Disciplina Positiva: Claves para una Educación Respetuosa

img

Todos los papás deseamos lo mejor para nuestros hijos, pero a veces no tenemos el conocimiento adecuado para actuar correctamente. Educar no es sencillo. Por eso, es crucial contar con recursos que nos guíen desde el entendimiento y la amabilidad. La crianza positiva es esa herramienta que nos proporciona técnicas para educar a los niños desde la colaboración y el respeto mutuo entre padres e hijos.

¿Qué es la disciplina positiva?

La crianza positiva fue desarrollada por el psicoterapeuta Alfred Adler y su discípulo, el psiquiatra y educador Rudolf Dreikurs. Posteriormente, Jane Nelsen y Lynn Lott (fundadoras de la Asociación Americana de Crianza Positiva) sistematizaron sus principios y técnicas para su aplicación. A menudo, al escuchar la palabra "crianza", la asociamos con connotaciones negativas, pero su verdadero significado es "criar". Podemos considerar a nuestros hijos como aprendices que requieren nuestra orientación durante su desarrollo, con el fin de convertirse en individuos libres, felices e independientes en el futuro.

Firm & Kind

Son varios los estudios que han demostrado que los niños tienen la necesidad de crear vínculos con las personas más cercanas a ellos; como sus padres, amigos o profesores. Los niños que mantienen esos vínculos fuertes, son niños que por lo general, se comportan mejor. La disciplina positiva se basa en la premisa “Firm & Kind” (firme pero amable) y se encarga de reforzar esos vínculos mediante el respeto, la compresión, autoestima y la comunicación.

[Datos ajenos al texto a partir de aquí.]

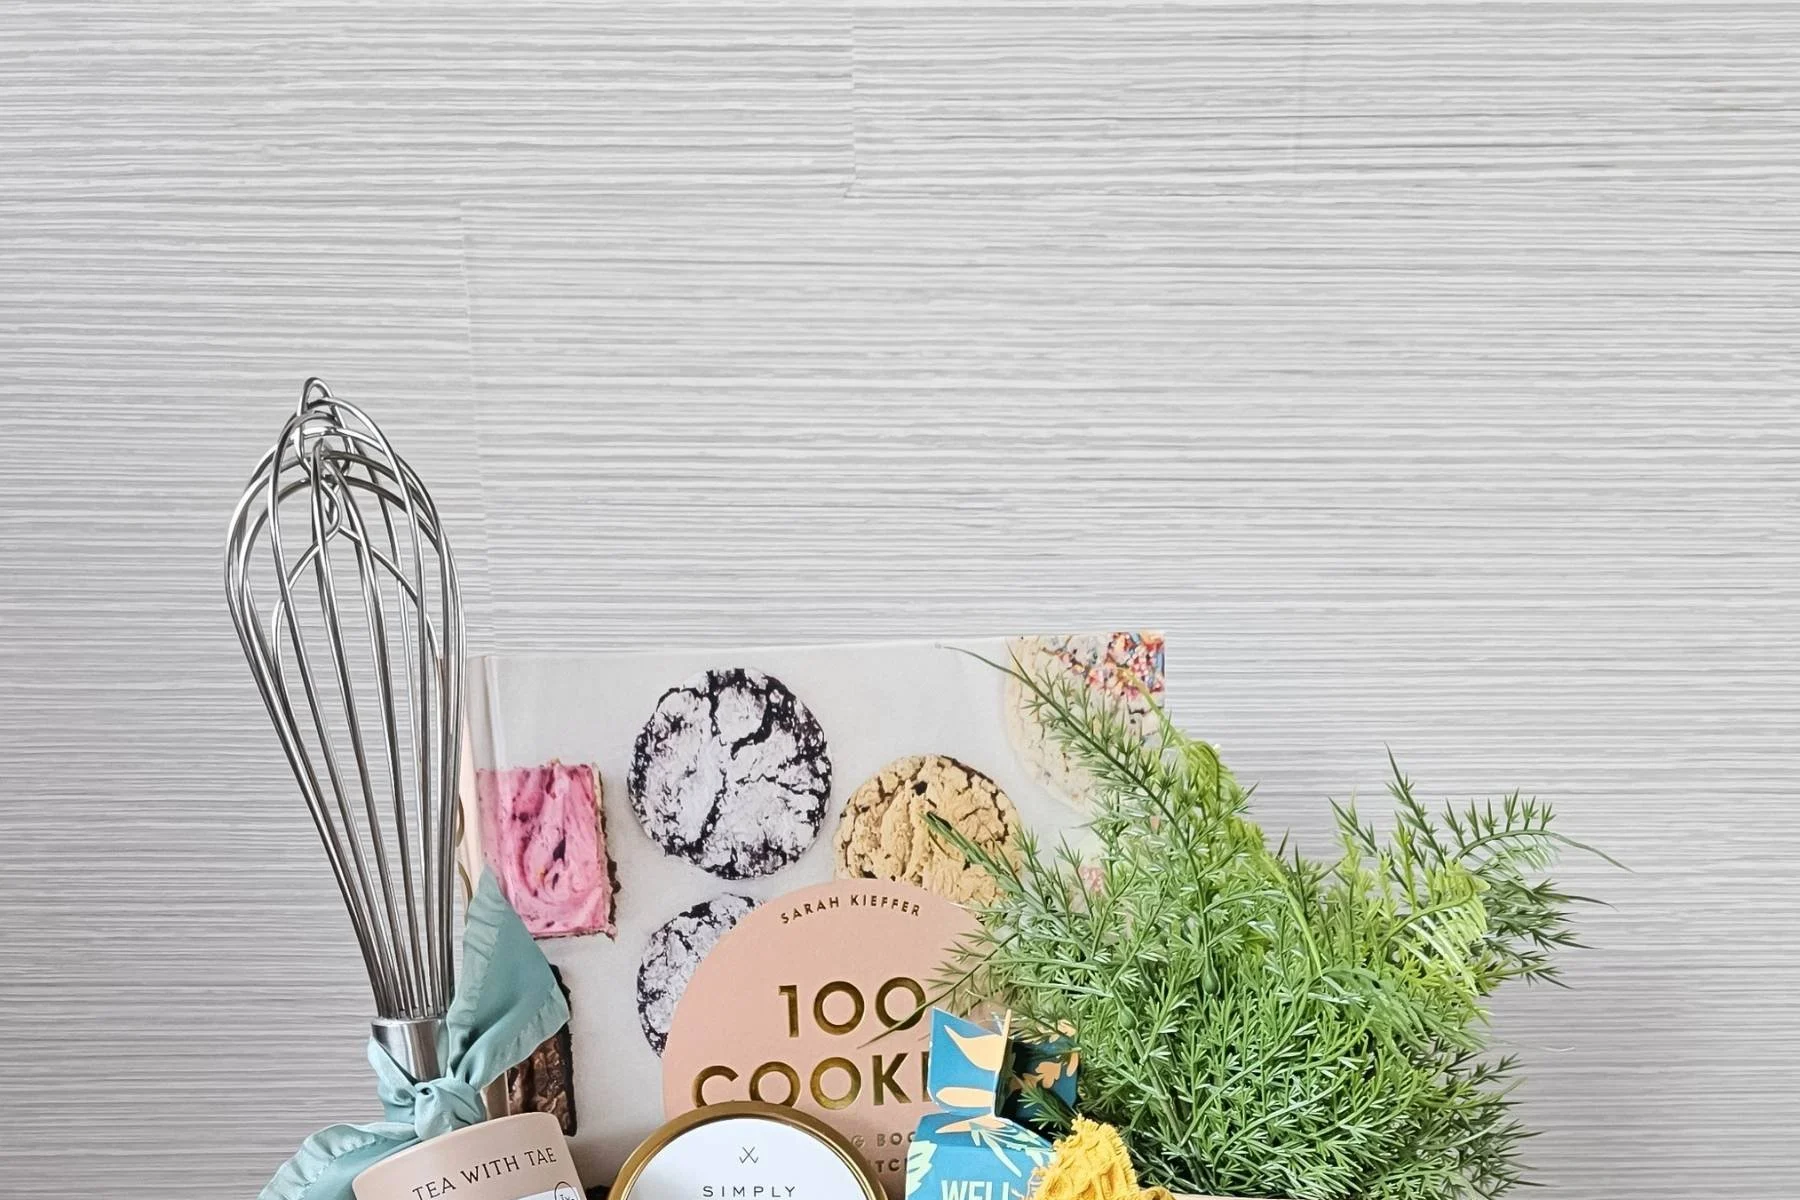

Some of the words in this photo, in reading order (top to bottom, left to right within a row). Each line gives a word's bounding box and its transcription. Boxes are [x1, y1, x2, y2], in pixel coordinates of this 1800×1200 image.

  1. 1. Comunicación y comprensión
  2. 2. Respeto mutuo entre padres e hijos
  3. 3. Amabilidad y firmeza
  4. 4. Participación activa de los niños
  5. 5. Amabilidad y firmeza
  6. 6. Desarrollo emocional y de autonomía

Disciplina positiva y porqué se portan mal los niños

los niños son niños y a veces pueden llegar a desesperarnos cuando no cumplen nuestras expectativas. Tal vez allí yace el primer error: "esperar algo de ellos". En primer lugar, no debemos esperar que su comportamiento se ajuste a ciertos estándares. Debemos comprender que su forma de comunicarse difiere de la de los adultos y que detrás de su conducta hay un mensaje que necesitamos descifrar para llegar a la raíz del problema.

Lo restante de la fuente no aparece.